Work item: In the entries below, find the line containing "Some of the text". Copy it and all lines after it, exactly, through the end.

[Free-text object descriptions]
↓

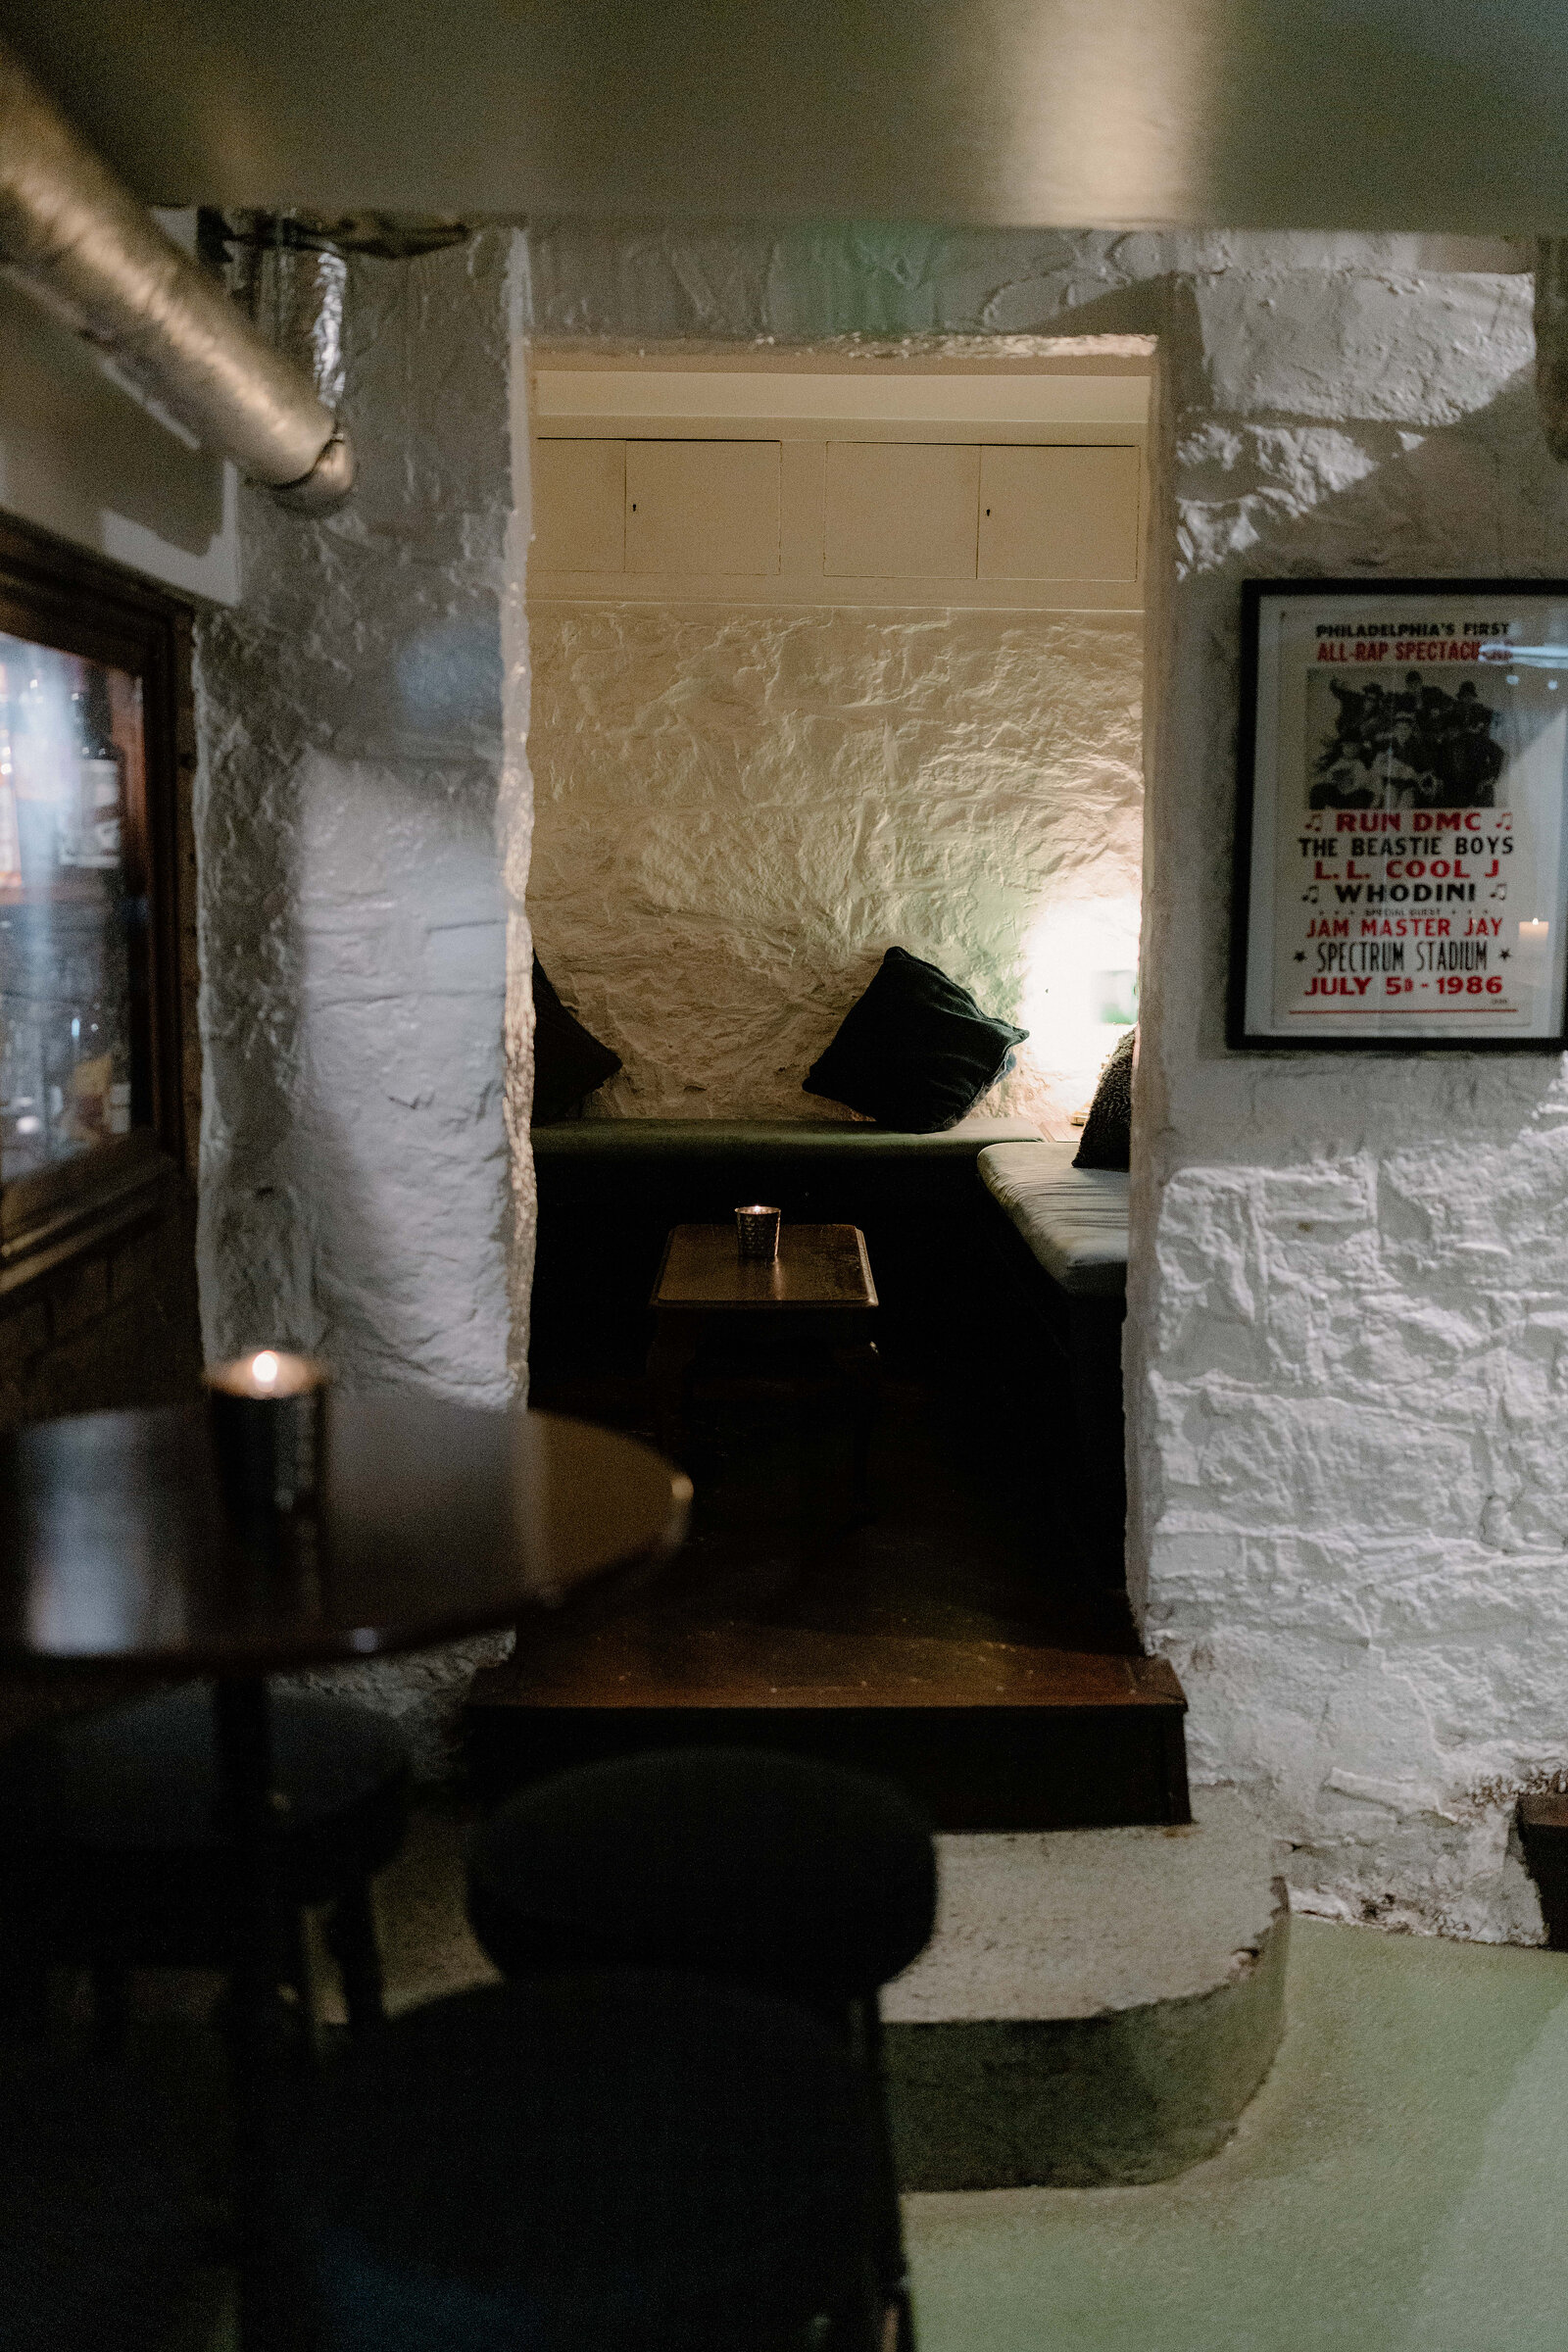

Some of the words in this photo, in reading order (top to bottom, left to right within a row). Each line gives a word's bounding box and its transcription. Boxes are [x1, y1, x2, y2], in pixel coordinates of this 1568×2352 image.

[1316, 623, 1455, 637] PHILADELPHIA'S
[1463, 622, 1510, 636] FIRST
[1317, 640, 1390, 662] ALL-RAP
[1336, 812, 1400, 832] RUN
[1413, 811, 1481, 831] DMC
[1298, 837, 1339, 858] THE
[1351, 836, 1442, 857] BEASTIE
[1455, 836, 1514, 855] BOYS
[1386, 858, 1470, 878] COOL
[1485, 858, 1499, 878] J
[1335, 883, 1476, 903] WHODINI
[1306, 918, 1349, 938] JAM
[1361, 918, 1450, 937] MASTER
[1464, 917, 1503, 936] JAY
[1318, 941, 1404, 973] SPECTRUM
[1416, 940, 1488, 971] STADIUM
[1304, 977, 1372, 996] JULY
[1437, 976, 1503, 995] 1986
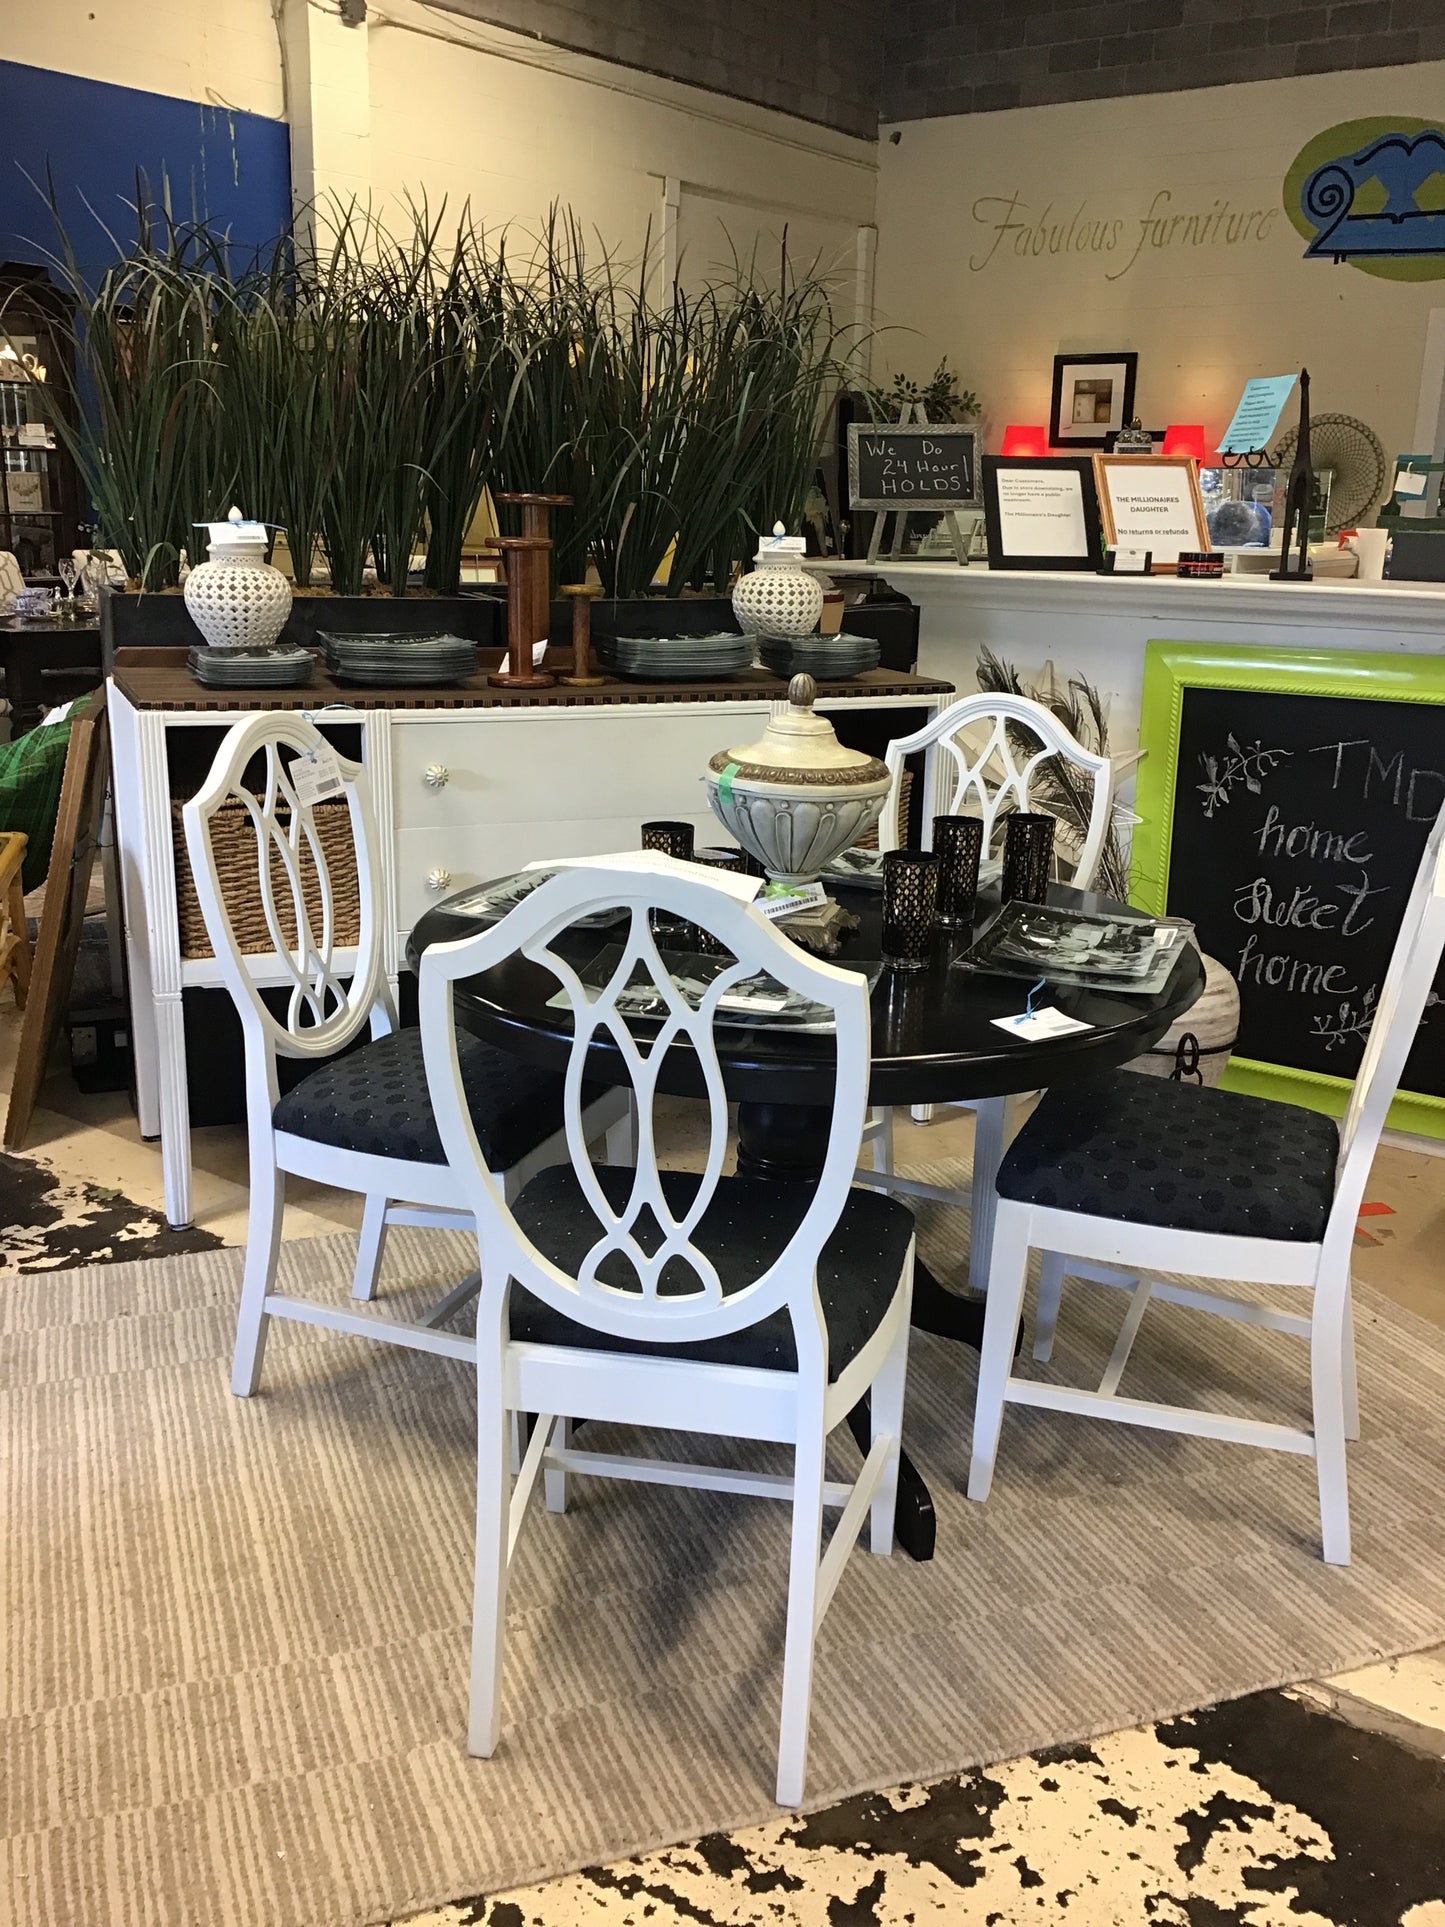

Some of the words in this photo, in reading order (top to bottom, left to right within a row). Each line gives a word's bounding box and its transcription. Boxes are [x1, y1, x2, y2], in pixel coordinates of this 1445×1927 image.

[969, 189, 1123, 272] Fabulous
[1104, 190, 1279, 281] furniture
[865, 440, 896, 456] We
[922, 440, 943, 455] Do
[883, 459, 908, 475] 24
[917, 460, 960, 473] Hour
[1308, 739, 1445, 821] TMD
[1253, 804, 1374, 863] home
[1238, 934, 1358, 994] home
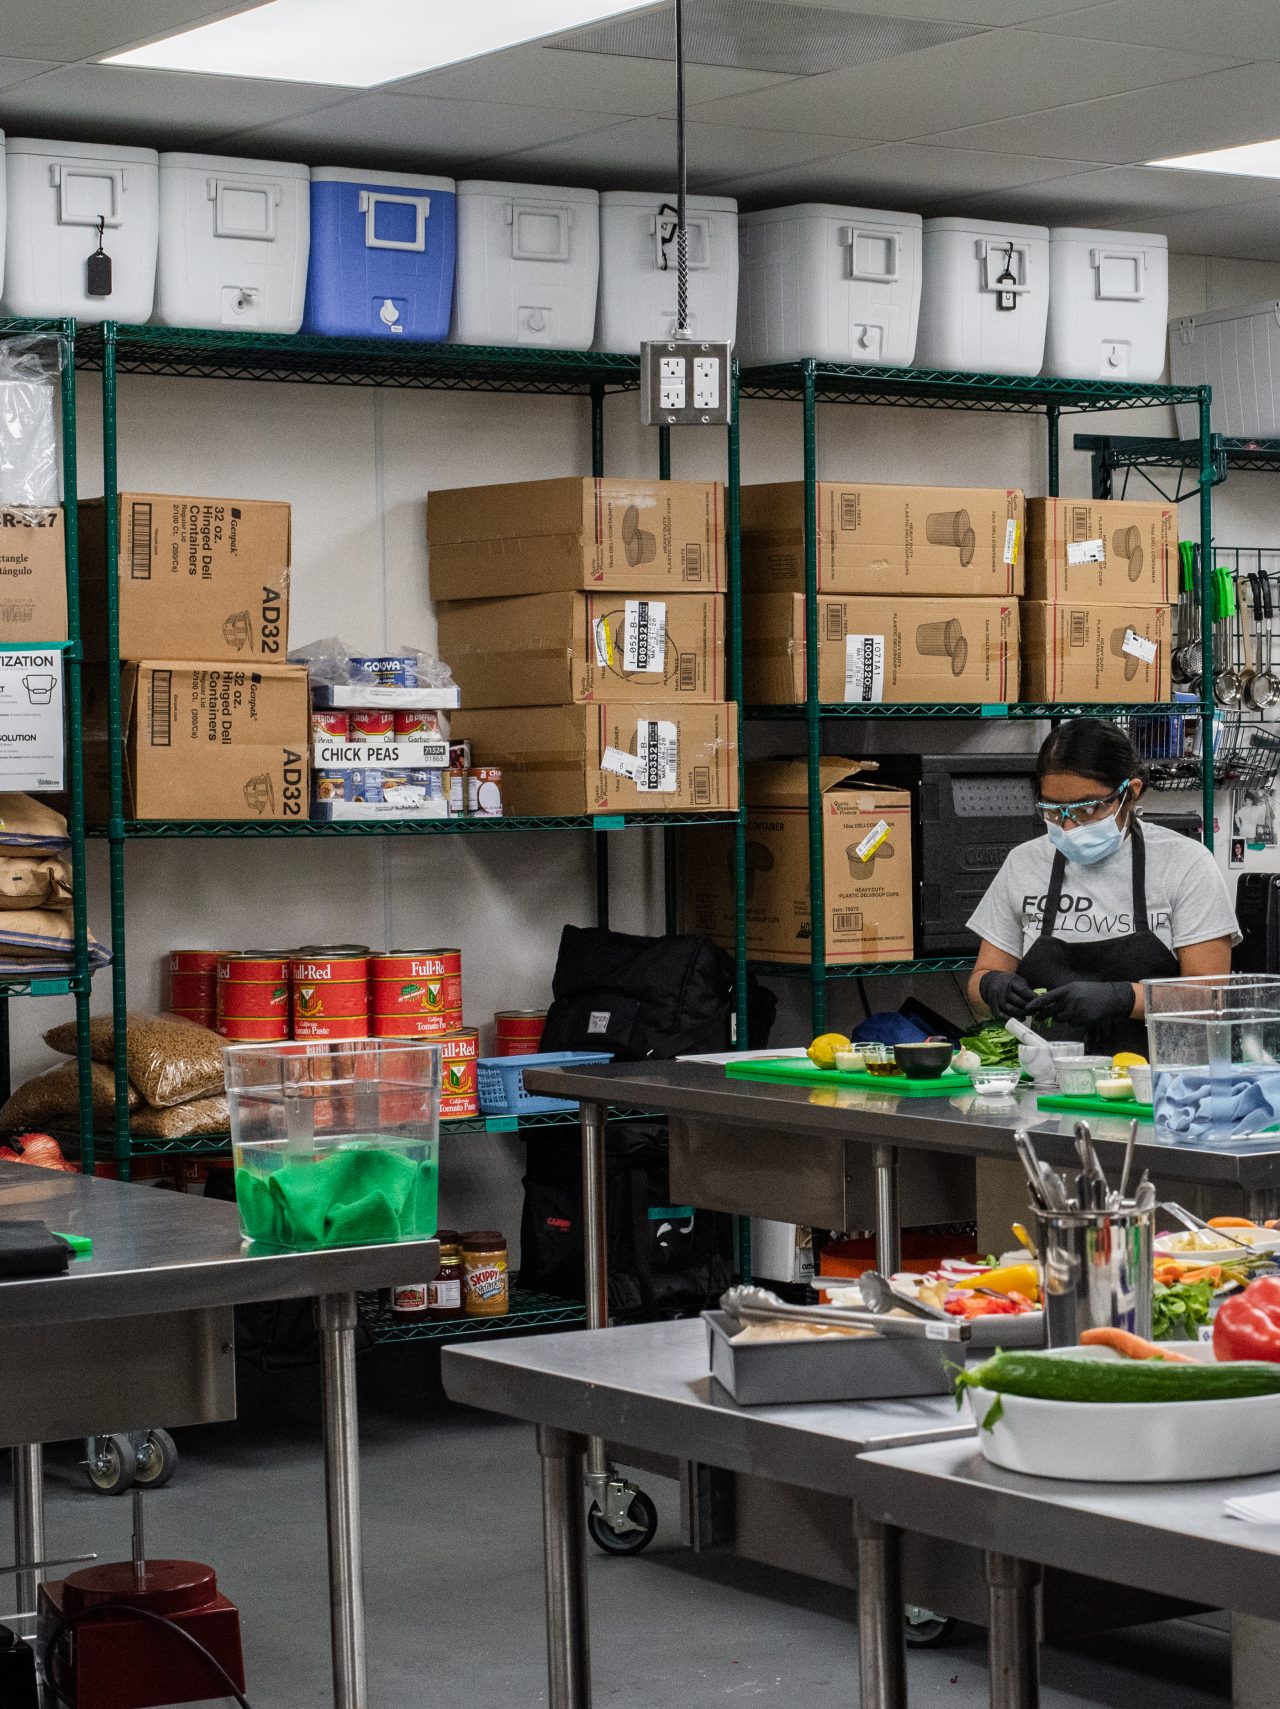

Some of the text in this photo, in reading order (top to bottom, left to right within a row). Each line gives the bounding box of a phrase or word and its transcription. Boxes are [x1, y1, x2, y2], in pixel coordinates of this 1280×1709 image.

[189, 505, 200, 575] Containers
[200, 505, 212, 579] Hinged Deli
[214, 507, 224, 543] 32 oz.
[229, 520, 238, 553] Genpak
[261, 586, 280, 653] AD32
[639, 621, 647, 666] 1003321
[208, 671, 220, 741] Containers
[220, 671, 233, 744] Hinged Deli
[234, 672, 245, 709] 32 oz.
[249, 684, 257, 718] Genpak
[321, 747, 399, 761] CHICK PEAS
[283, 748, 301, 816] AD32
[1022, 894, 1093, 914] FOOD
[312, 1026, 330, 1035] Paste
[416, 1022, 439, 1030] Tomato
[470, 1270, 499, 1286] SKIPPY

↑

Answer to this task:
Some of the text in this photo, in reading order (top to bottom, left to right within a row). Each line gives the bounding box of a phrase or word and its transcription. Boxes are [x1, y1, x2, y2], in pixel coordinates of this 1280×1709 image.

[189, 505, 200, 575] Containers
[200, 505, 212, 579] Hinged Deli
[214, 507, 224, 543] 32 oz.
[229, 520, 238, 553] Genpak
[261, 586, 280, 653] AD32
[639, 621, 647, 666] 1003321
[208, 671, 220, 741] Containers
[220, 671, 233, 744] Hinged Deli
[234, 672, 245, 709] 32 oz.
[249, 684, 257, 718] Genpak
[321, 747, 399, 761] CHICK PEAS
[283, 748, 301, 816] AD32
[1022, 894, 1093, 914] FOOD
[312, 1026, 330, 1035] Paste
[416, 1022, 439, 1030] Tomato
[470, 1270, 499, 1286] SKIPPY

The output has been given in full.